Die Simulationen zeigen zunächst, dass eine deutliche Konzentration der Krankenhausversorgung sowohl nötig als auch möglich ist: Nötig zum einen, weil gegenwärtig viele Krankenhäuser zu klein für eine wirtschaftliche und qualitativ hochwertige Versorgung sind. Nötig zum anderen, weil viele Krankenhausfälle durch eine verbesserte ambulante Versorgung und Prävention vermieden werden könnten. Möglich, weil sich die Erreichbarkeit des nächstgelegenen Krankenhauses auch bei einer deutlichen Standortreduzierung im Mittel nur unwesentlich verschlechtert - also Menschen nicht wesentlich länger zu einer Klinik unterwegs sind als es bereits heute der Fall ist. Das zeigen die Entfernungsberechnungen im Rahmen der Simulation.

Die Studie berücksichtigt aber auch, dass dieser Umbau nicht schlagartig erfolgen kann, sondern – unter anderem wegen des erforderlichen Aufbaus ambulanter Kapazitäten – nur schrittweise und über einen Zeitraum von mehreren Jahren.
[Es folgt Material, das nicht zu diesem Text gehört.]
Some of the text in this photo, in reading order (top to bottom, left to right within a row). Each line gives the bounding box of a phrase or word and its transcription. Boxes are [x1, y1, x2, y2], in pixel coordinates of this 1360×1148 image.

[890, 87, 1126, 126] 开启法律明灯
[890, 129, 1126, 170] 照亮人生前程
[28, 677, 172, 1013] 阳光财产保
Zudem wird deutlich, dass die Erforderlichkeit einzelner Krankenhäuser nicht isoliert betrachtet werden kann. Krankenhausplanung muss immer regional ausgerichtet sein, auch über Kreis- oder sogar Bundesland-Grenzen hinweg.

Eine Berechnung, wie viele Krankenhäuser in Deutschland für eine wohnortnahe Versorgung erforderlich sind, war nicht Gegenstand der IGES-Studie. Die Ergebnisse der Simulationen dürften sich vom Grundsatz her aber auch auf eine Reihe anderer Regionen übertragen lassen, in denen Metropole, Umland und ländliche Peripherie zusammenspielen. Allerdings wird es eine Reihe von Regionen geben, in denen die Krankenhausdichte heute schon geringer ist und damit ein größerer Anteil der bestehenden Krankenhäuser benötigt wird, um eine wohnortnahe Versorgung sicherzustellen.
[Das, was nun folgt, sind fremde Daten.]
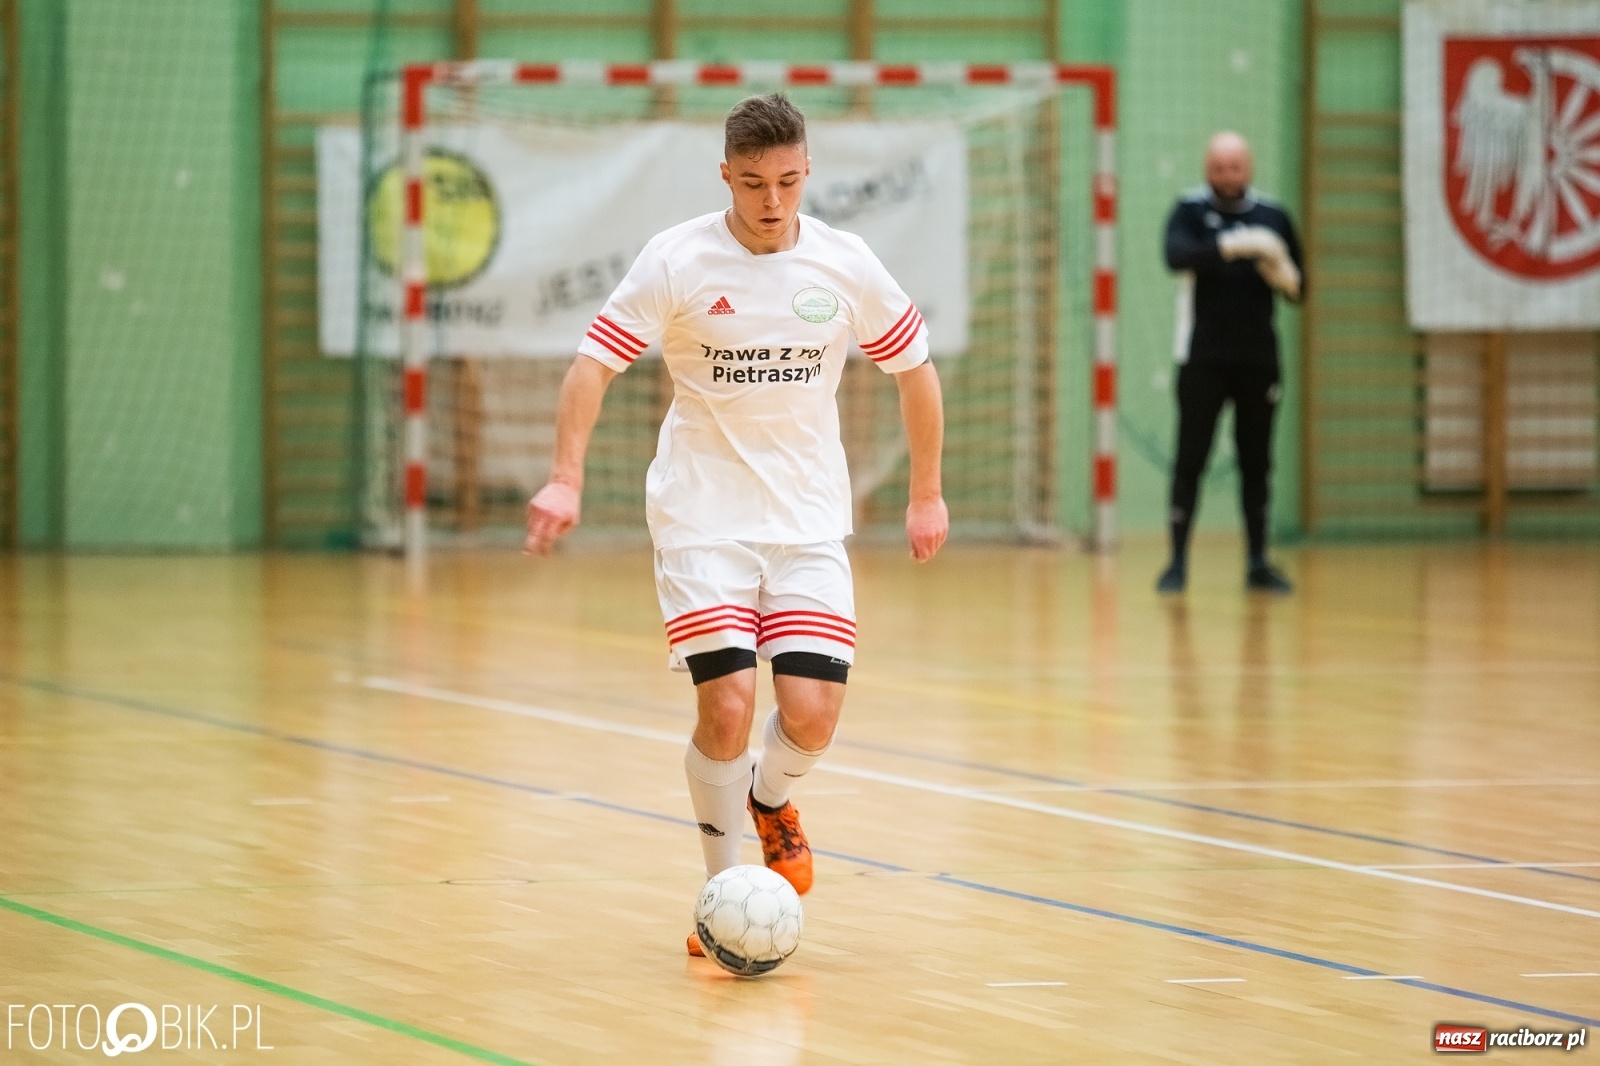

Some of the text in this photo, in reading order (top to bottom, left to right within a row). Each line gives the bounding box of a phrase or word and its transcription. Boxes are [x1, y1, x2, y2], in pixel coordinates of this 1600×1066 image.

[707, 308, 736, 316] adidas
[701, 344, 829, 361] Trawa z rol
[713, 362, 822, 384] Pietraszyn
Was jedoch für ganz Deutschland berechnet wurde, ist das Ausmaß, in dem Krankenhausfälle durch eine verbesserte ambulante Versorgung und verstärkte Präventionsmaßnahmen vermieden werden könnten: Bundesweit gibt es - wenn auch regional in verschiedenem Ausmaß – ein erhebliches Potenzial, stationären Behandlungsbedarf zu verringern und damit die Krankenhausversorgung insgesamt wirtschaftlicher zu gestalten. Auch der in der Studie dargestellte Mangel an Fachärzten in Krankenhäusern ist nicht auf die Untersuchungsregion beschränkt, sondern betrifft grundsätzlich ganz Deutschland.

Wenn die Erreichbarkeit bei der Planung eine besondere Rolle spielt: Nein. Dann würden vor allem (kleinere) Krankenhäuser in größeren Städten nicht mehr benötigt. Die Versorgung im ländlichen Raum wäre dann gefährdet, wenn bei der Auswahl der künftig noch zu erhaltenden Krankenhäuser vorrangig die Häuser zum Zuge kämen, die jetzt schon hinreichend groß und gut ausgestattet sind, um eine wirtschaftliche und qualitativ hochwertige Versorgung anbieten zu können. Im Rahmen einer umfassenden Konzentration und Verringerung der Krankenhauskapazitäten kann es daher in bestimmten Einzelfällen auch notwendig sein, Krankenhäuser im ländlichen Raum besonders zu fördern.